レナがこの世界に転生してから初めて手にした聖剣「カラドボルグ」は元々は冒険都市の貴族の所有物だったが、長年の間に誰も使われずに放置されていたので錆びた状態で貴族の屋敷の倉庫に保管されていた。レナが貴族の屋敷に忍び込んでバルの知り合いの鍛冶師に打ち直して貰って修復された後、腐敗龍との戦闘でレナはカラドボルグをナオと共に使用して冒険都市の窮地を救った。

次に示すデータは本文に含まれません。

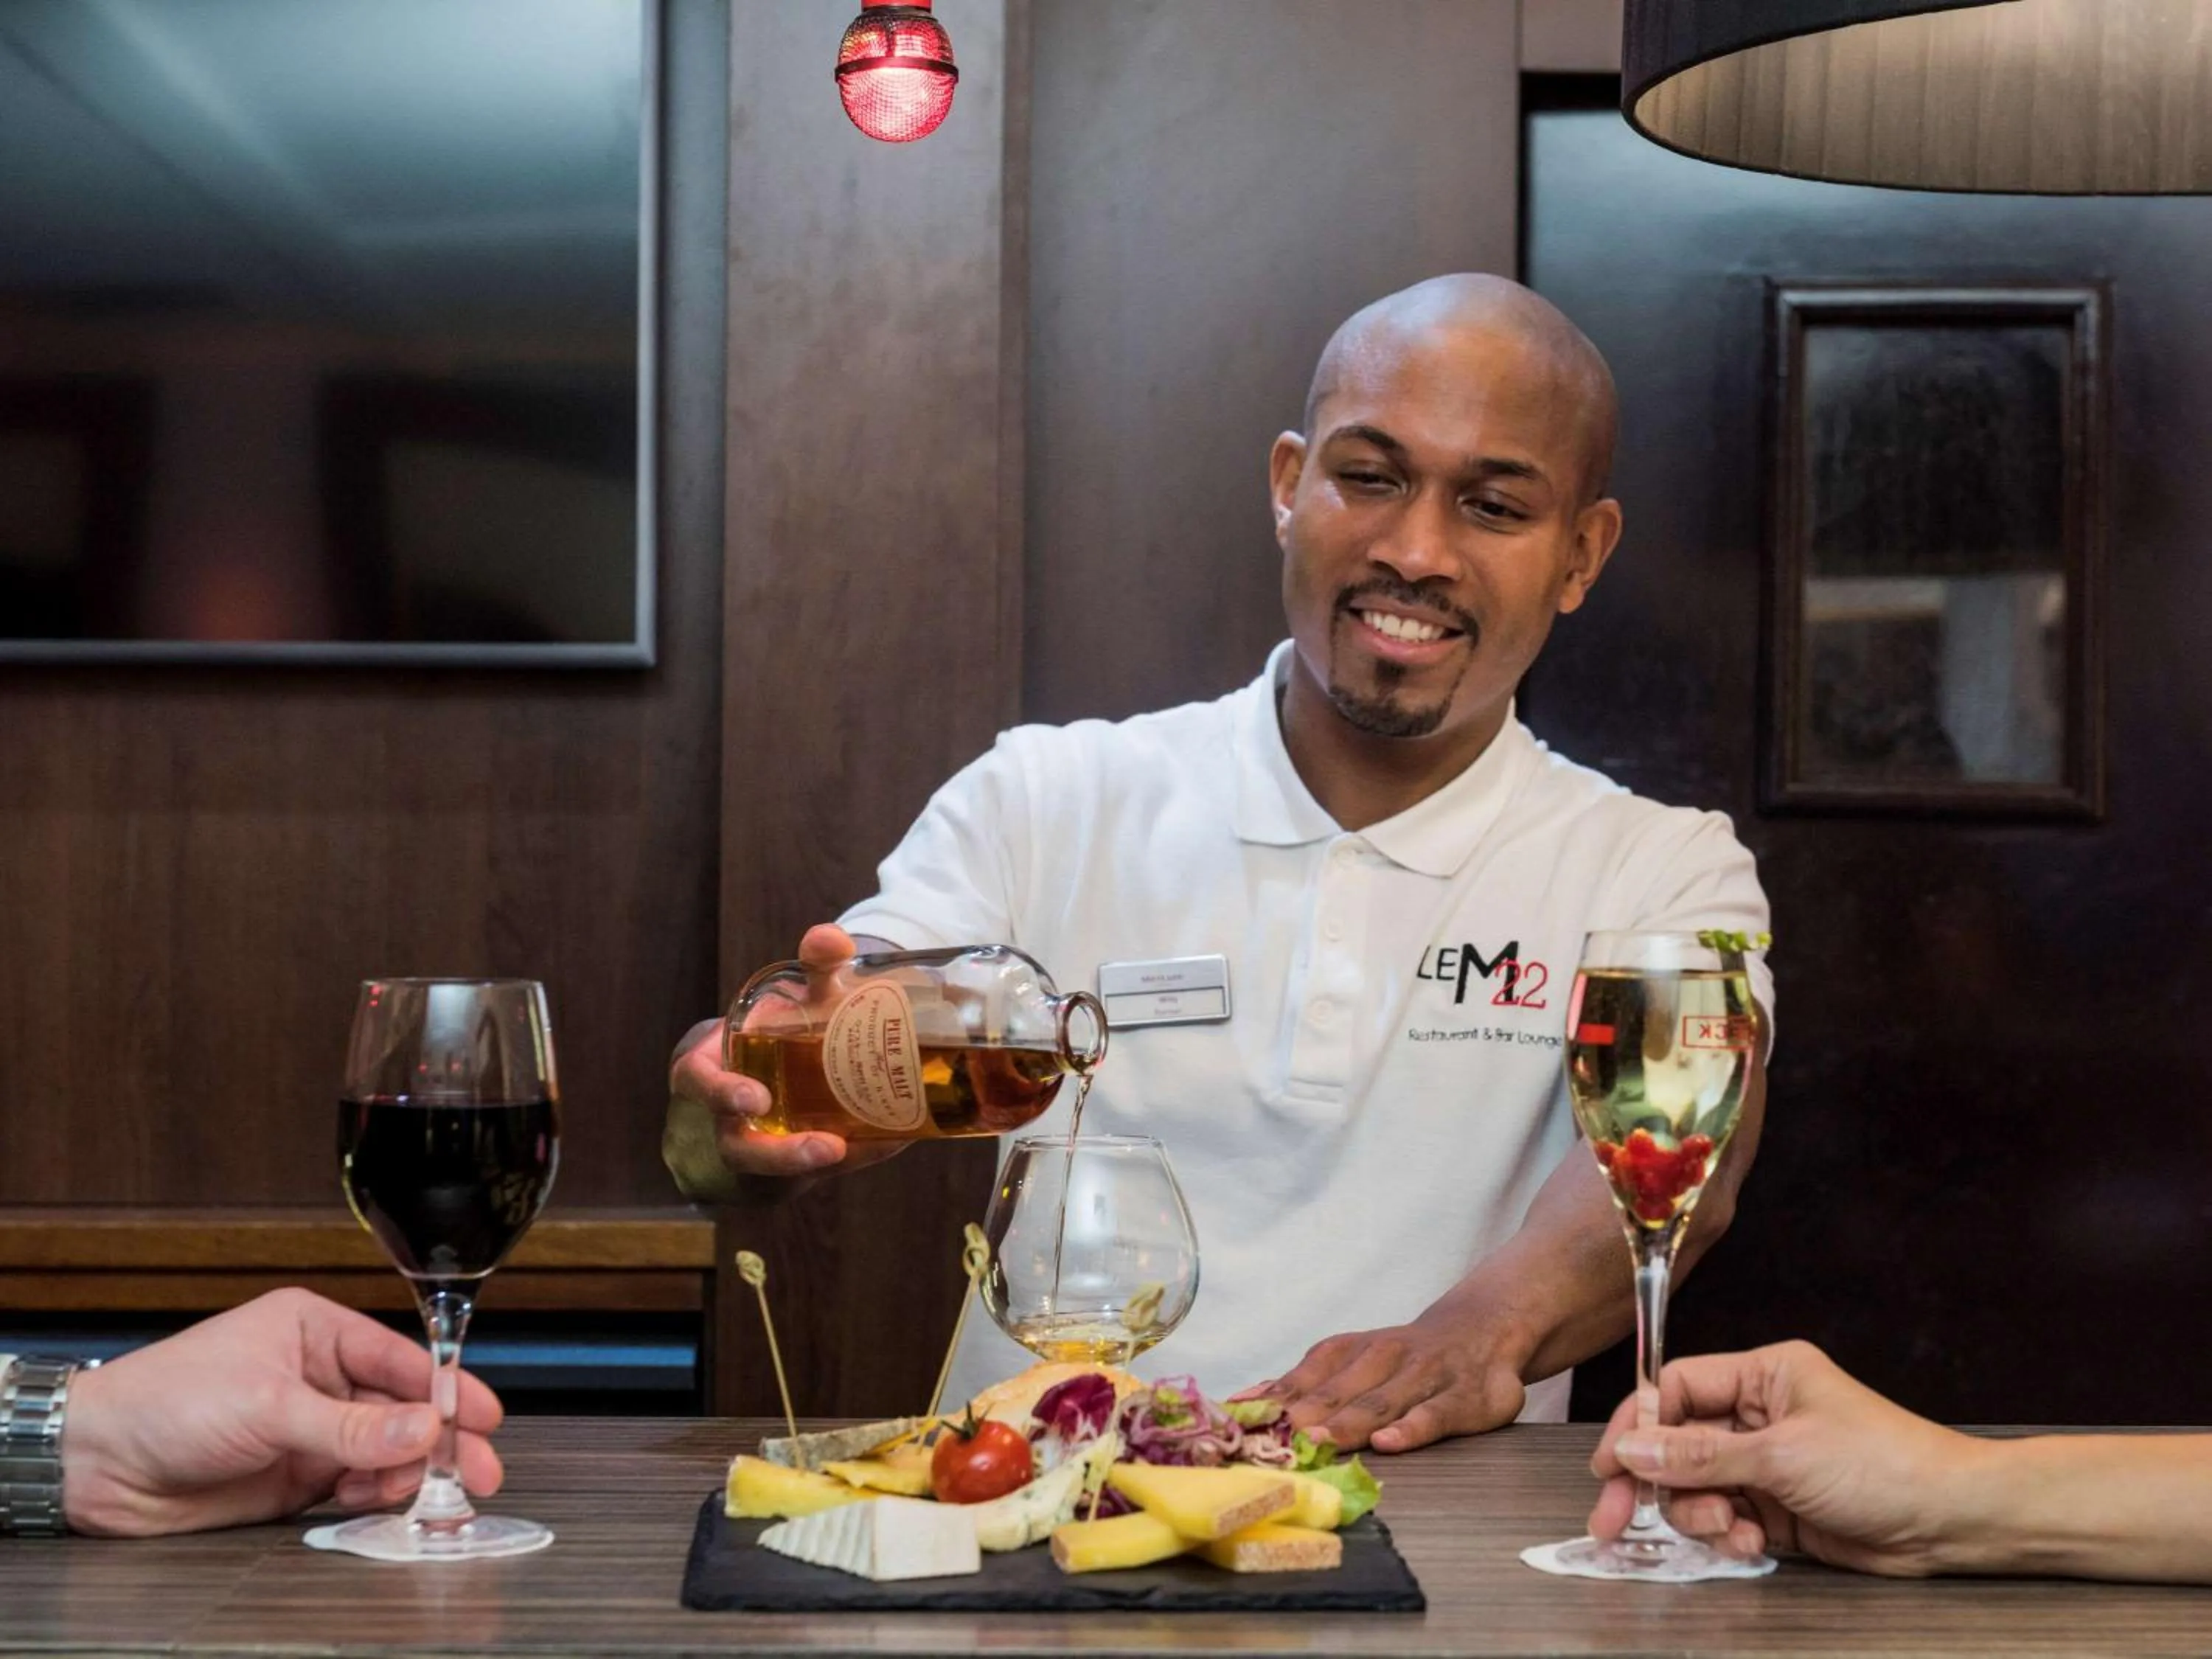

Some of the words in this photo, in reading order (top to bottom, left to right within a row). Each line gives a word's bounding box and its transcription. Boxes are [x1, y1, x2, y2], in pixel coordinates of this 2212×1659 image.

現在は王都の王城にて保管されているはずであり、今の所は聖剣を使いこなせる人間は見つかっていない。レナもカラドボルグは使いこなす事ができず、やはりレミアのエクスカリバーのように聖剣の属性と使用者の魔法の適性が一致した人間でなければ聖剣は使いこなせないと考えるのが妥当だろう。


(聖剣か……まあ、俺には退魔刀や鏡刀があるからどうでもいいか)


聖剣は確かに強力な武器ではあるがレナにとってはずっと使い続けた退魔刀や鏡刀の方が最高の武器だと考え、そもそも聖痕を宿していない彼では聖剣の真の力を使いこなせない。そのために今後も聖剣を手にする機会があっても武器として使う事はないと考えた。